Paronychia (pronounced: pair-uh-NIK-ee-uh) is an infection of the skin around a fingernail or toenail. The infected area can get swollen, red, and painful. Sometimes a pus-filled blister may form.
Most of the time, paronychia is no big deal and can be treated at home. In rare cases, the infection can spread to the rest of the finger or toe. When that happens, it can lead to bigger problems that may need a doctor’s help.
You’re not likely to get paronychia in a toe (unless you have an ingrown toenail). But fingernail paronychia is one of the most common hand infections there is
What Causes Paronychia?
Paronychia usually happens when the skin around a person’s nail is irritated or injured. When the skin around the nail is damaged, germs can get in and cause an infection. These germs can be bacteria (causing bacterial paronychia) or fungi (causing fungal paronychia).

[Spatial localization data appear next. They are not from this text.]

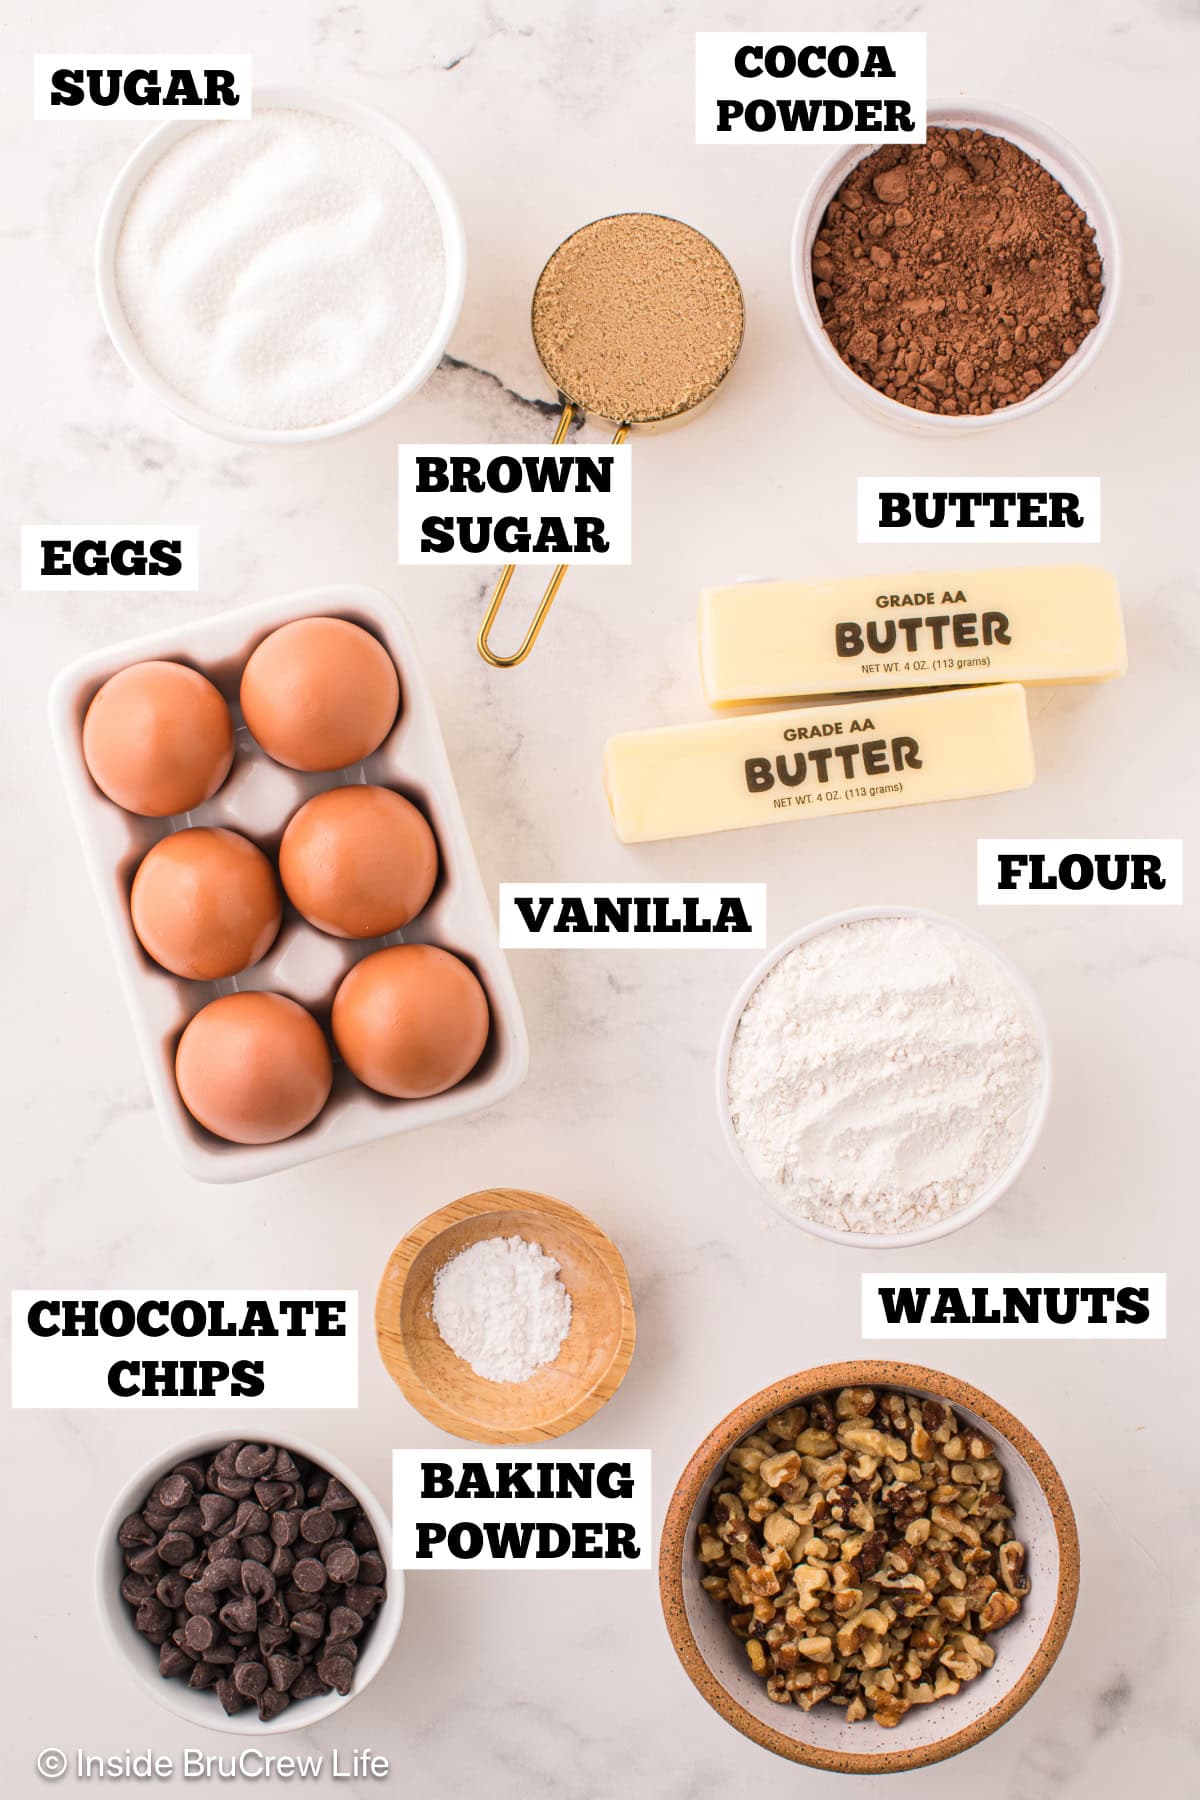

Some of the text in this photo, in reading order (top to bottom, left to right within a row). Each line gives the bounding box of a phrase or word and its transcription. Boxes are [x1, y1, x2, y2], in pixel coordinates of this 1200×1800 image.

[875, 590, 967, 608] GRADE AA
[835, 611, 1012, 658] BUTTER
[861, 656, 990, 674] NET WT. 4 OZ. (113 grams)
[783, 718, 876, 742] GRADE AA
[744, 736, 923, 793] BUTTER
[773, 782, 903, 808] NET WT. 4 OZ. (113 grams)

Common paronychia causes include:
- biting or pulling off a hangnail
- frequent sucking on a finger
- clipping a nail too short or trimming the cuticle (the skin around the sides and bottom of the nail)
- getting manicures
- having hands in water a lot (as from a job washing dishes in a restaurant)

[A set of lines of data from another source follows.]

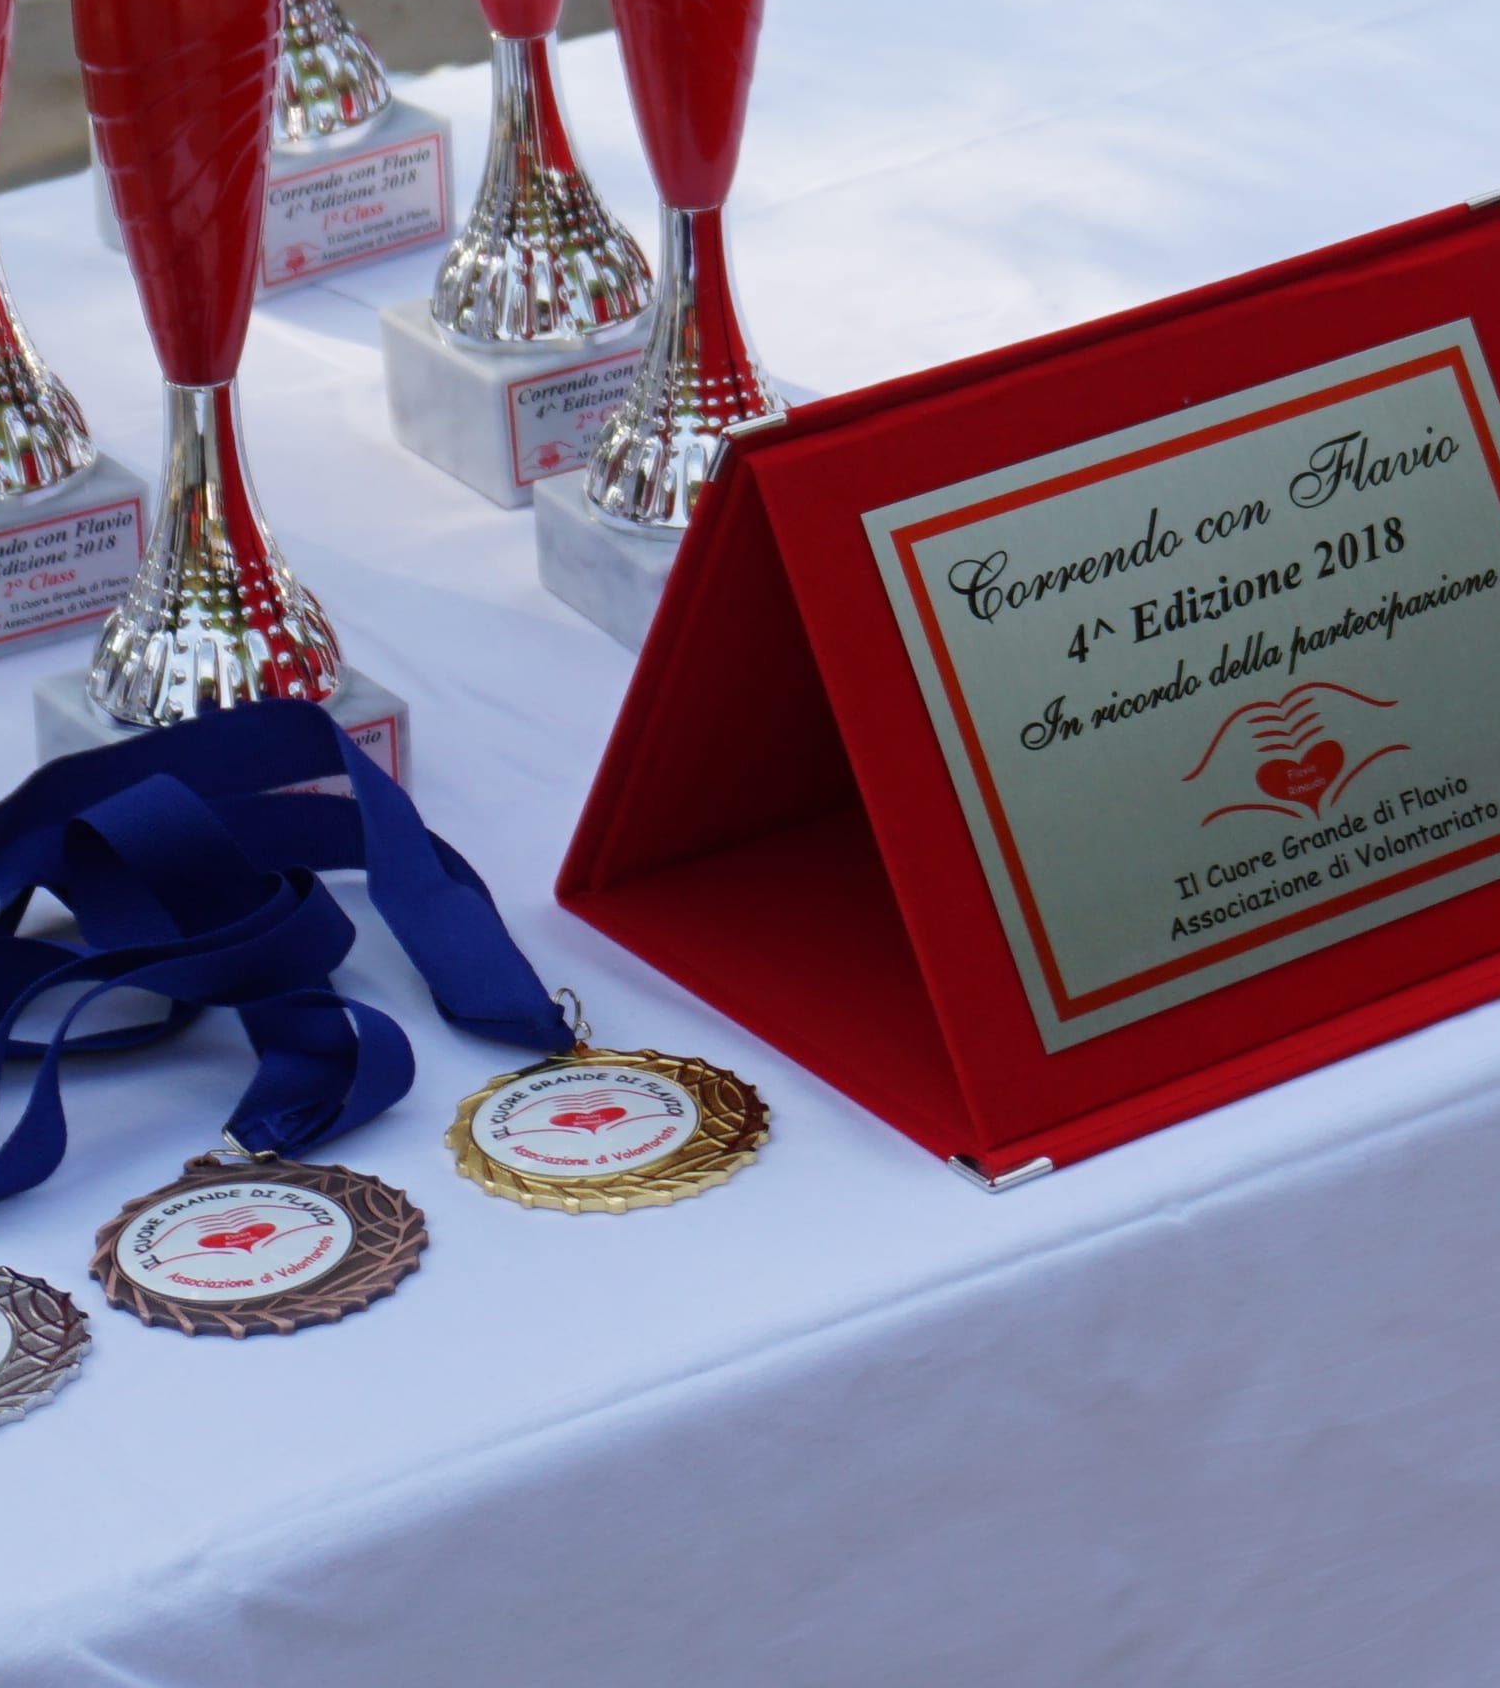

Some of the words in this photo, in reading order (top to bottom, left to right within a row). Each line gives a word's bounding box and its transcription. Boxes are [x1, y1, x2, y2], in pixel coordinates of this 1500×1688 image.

[270, 174, 343, 206] Correndo
[348, 165, 376, 183] con
[382, 148, 431, 171] Flavio
[310, 184, 375, 213] Edizione
[382, 170, 417, 191] 2018
[344, 202, 385, 225] Class
[518, 373, 598, 405] Correndo
[603, 365, 633, 382] con
[536, 403, 556, 419] 4^
[575, 412, 594, 430] 2°
[34, 530, 67, 548] con
[76, 512, 133, 538] Flavio
[946, 506, 1184, 624] Correndo
[1193, 499, 1271, 544] con
[1288, 425, 1460, 509] Flavio
[74, 535, 117, 559] 2018
[4, 579, 23, 598] 2°
[28, 570, 76, 591] Class
[1066, 616, 1116, 664] 4^
[1128, 561, 1302, 644] Edizione
[1313, 515, 1405, 580] 2018
[1019, 694, 1084, 751] In
[1089, 658, 1202, 729] ricordo
[1207, 630, 1283, 687] della
[1287, 567, 1498, 675] partecipazione
[1173, 871, 1200, 900] Il
[1206, 850, 1276, 888] Cuore
[1281, 813, 1368, 860] Grande
[1372, 798, 1395, 825] di
[1398, 776, 1468, 816] Flavio
[1170, 870, 1322, 941] Associazione
[1327, 853, 1350, 879] di
[1354, 802, 1498, 867] Volontariato
[529, 1073, 607, 1092] GRANDE
[615, 1074, 637, 1084] DI
[491, 1091, 530, 1125] CUORE
[641, 1081, 684, 1117] FLAVIO
[492, 1127, 511, 1141] IL
[510, 1145, 589, 1166] Associazione
[595, 1154, 608, 1164] di
[612, 1126, 677, 1161] Volontariato
[162, 1189, 241, 1216] GRANDE
[251, 1190, 276, 1199] DI
[282, 1192, 334, 1225] FLAVIO
[134, 1217, 164, 1254] CUORE
[141, 1254, 162, 1270] IL
[165, 1272, 254, 1288] Associazione
[260, 1273, 274, 1284] di
[277, 1234, 334, 1278] Volontariato

Some people get paronychia infections after a manicure or using from chemicals in the glue used with artificial nails. Certain health conditions (like diabetes) also can make paronychia more likely. And if your hands are in water a lot (if you wash dishes at a restaurant, for example), that ups the chances of getting paronychia.
What Are the Signs of Paronychia?
Chances are, if you have paronychia, it will be easy to recognize. There will be an area of skin around a nail that is painful and tender when you touch it. The area probably will be red and swollen and feel warm. You may see a pus-filled blister.

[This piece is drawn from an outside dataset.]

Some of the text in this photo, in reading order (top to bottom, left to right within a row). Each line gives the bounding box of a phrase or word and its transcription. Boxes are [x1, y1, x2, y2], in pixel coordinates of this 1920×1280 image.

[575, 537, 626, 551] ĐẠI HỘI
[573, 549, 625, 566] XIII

If the paronychia has been there a long time, the nail may turn a different color. It might not be its usual shape or might look as if it’s coming away from the nail bed.
What Should You Do?
If paronychia is mild and hasn’t started to spread beyond the fingernail, you can probably treat it at home. Soak the infected nail in warm water for 20 minutes a few times a day. The infection will probably heal on its own in a few days.
If paronychia doesn’t get better after a week or so, call your doctor. You’ll want to call a doctor right away if you have an abscess (a pus-filled area in the skin or under the nail) or if it looks like the infection has spread beyond the area of the nail.
If paronychia becomes severe and you don’t see a doctor, infection can spread through the finger or toe and move into the rest of the body. Luckily, this is very rare.
What Do Doctors Do?
Usually, a doctor or nurse practitioner will be able to diagnose paronychia just by examining the infected area. In some cases, a doctor may take a pus sample to be examined in a laboratory to determine what type of germ is causing the infection.
If you have diabetes, let your doctor know if you notice any signs of paronychia, even if it seems mild.
Don’t try to puncture or cut into an abscess yourself. Doing that can lead to a more serious infection or other complications. The doctor may need to drain the abscess and possibly prescribe antibiotic medications to treat the infection. Once an abscess is treated, the finger or toe almost always heals very quickly.
If someone has fungal paronychia, a doctor may prescribe antifungal creams, lotions, or other medicines.
Can Paronychia Be Prevented?
Here are some things that can lessen your chances of developing paronychia:
- Don’t bite your nails or pick at the cuticle area around them.
- Don’t cut nails too short. Trim your fingernails and toenails with clippers or manicure scissors, and smooth the sharp corners with an emery board or nail file. The best time to do this is after a bath or shower, when your nails are softer.
- Don’t push your cuticles back, trim them, or use cuticle remover. Damaging your cuticles gives bacteria a way to get into your skin and cause an infection.
- If you’ll be washing a lot of dishes or if your hands might be coming into contact with chemicals, wear rubber gloves.
- If you have diabetes, make sure it is under control.
- Practice good hygiene: keep your hands and feet clean and dry.
- If you get manicures or pedicures at a nail salon, consider bringing along your own clippers, nail files, and other tools.
As much as possible, try to avoid injuring your nails and the skin around them. Nails grow slowly. Any damage to them can last a long time.